* Exercise goal: Nothing but the records, copied exactly and stripped of pictures, should be in the answer.

Image-backed grounding data:
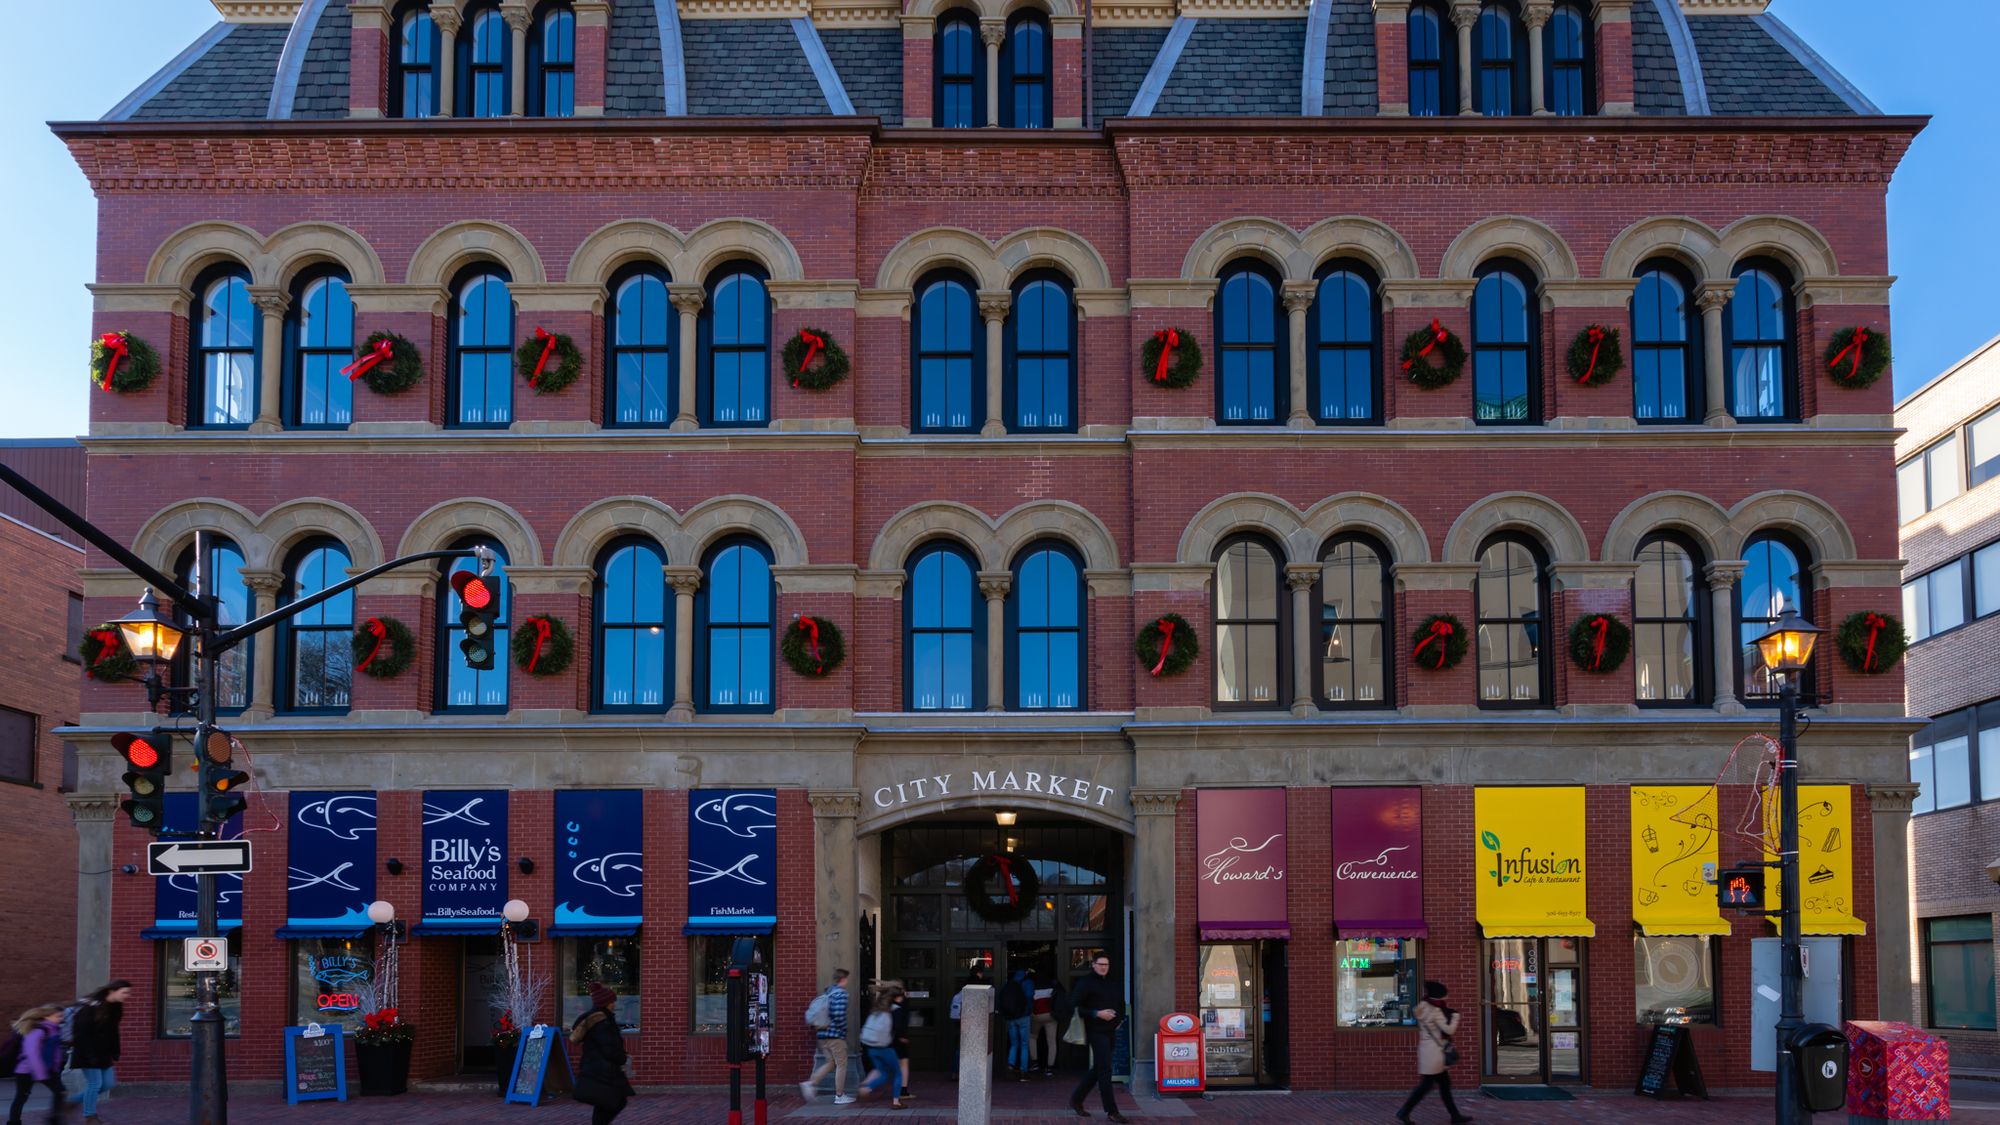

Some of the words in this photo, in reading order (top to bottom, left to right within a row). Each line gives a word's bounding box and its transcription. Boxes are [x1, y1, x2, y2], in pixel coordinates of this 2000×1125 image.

[873, 774, 952, 807] CITY
[971, 770, 1114, 807] MARKET
[428, 838, 502, 869] Billy's
[1201, 839, 1284, 884] Howard's
[1336, 853, 1418, 880] Convenience
[1496, 847, 1581, 887] Infusion
[432, 865, 497, 880] Seafood
[429, 883, 498, 891] COMPANY
[1523, 876, 1536, 886] Cafe
[711, 907, 754, 915] FishMarket
[322, 956, 358, 969] BILLY'S
[1340, 957, 1369, 968] ATM
[1492, 960, 1521, 970] OPEN
[317, 993, 359, 1007] OPEN
[1171, 1047, 1189, 1058] 649
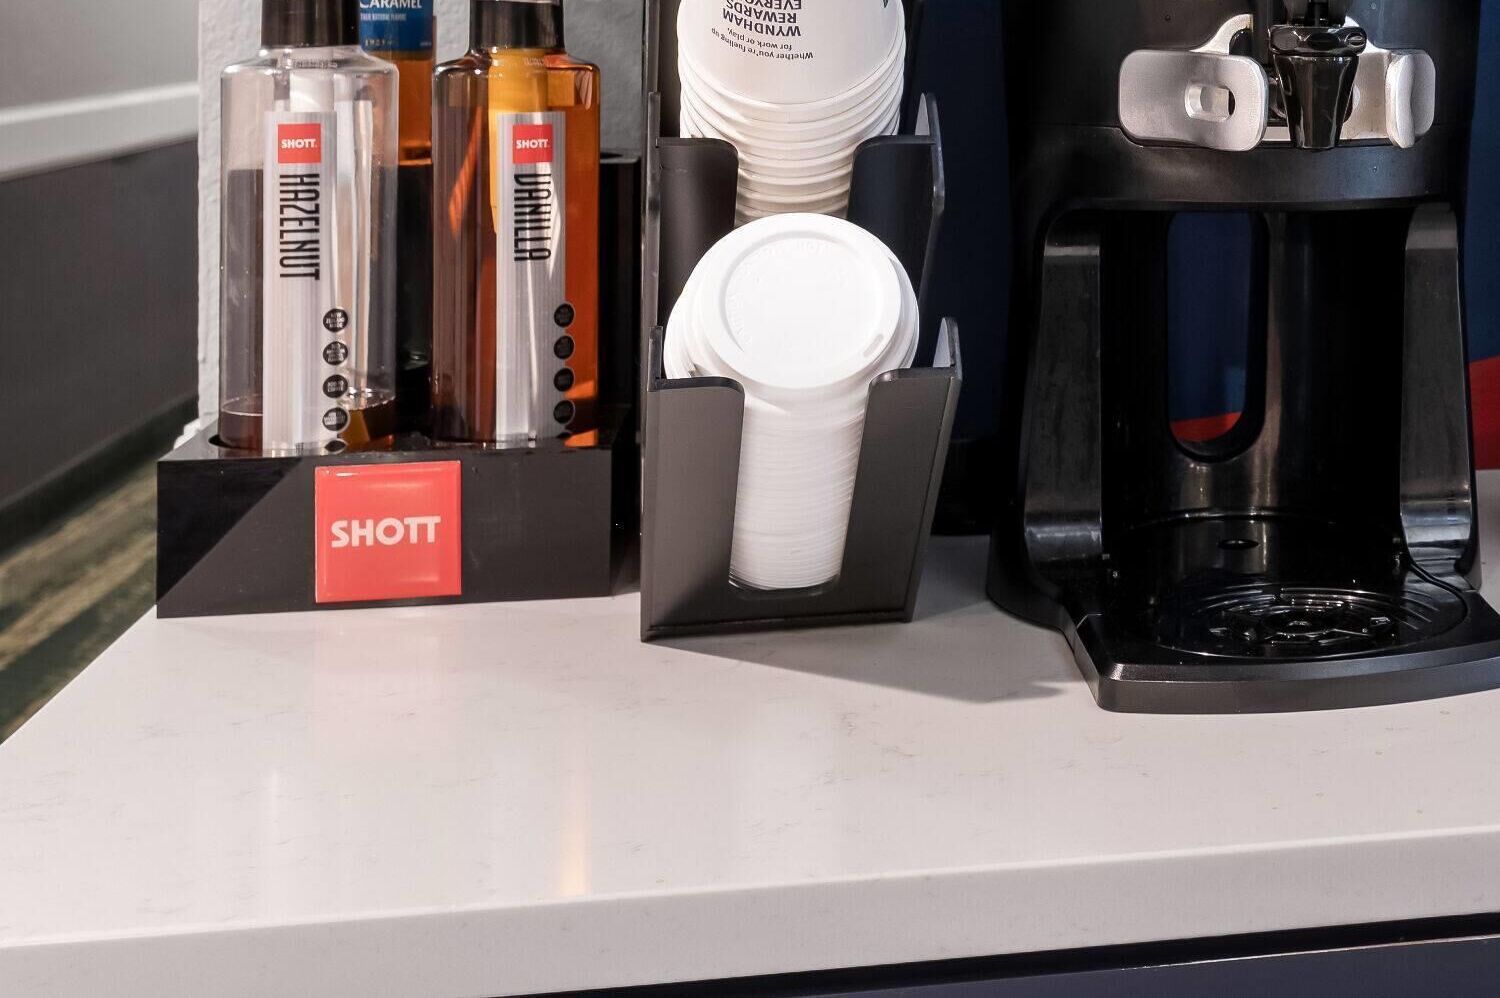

* Exercise output:
Some of the words in this photo, in reading order (top to bottom, left to right within a row). Each line gives a word's bounding box and its transcription. Boxes are [x1, y1, x2, y2], in pixel coordinates of this 2000×1125 image.

[873, 774, 952, 807] CITY
[971, 770, 1114, 807] MARKET
[428, 838, 502, 869] Billy's
[1201, 839, 1284, 884] Howard's
[1336, 853, 1418, 880] Convenience
[1496, 847, 1581, 887] Infusion
[432, 865, 497, 880] Seafood
[429, 883, 498, 891] COMPANY
[1523, 876, 1536, 886] Cafe
[711, 907, 754, 915] FishMarket
[322, 956, 358, 969] BILLY'S
[1340, 957, 1369, 968] ATM
[1492, 960, 1521, 970] OPEN
[317, 993, 359, 1007] OPEN
[1171, 1047, 1189, 1058] 649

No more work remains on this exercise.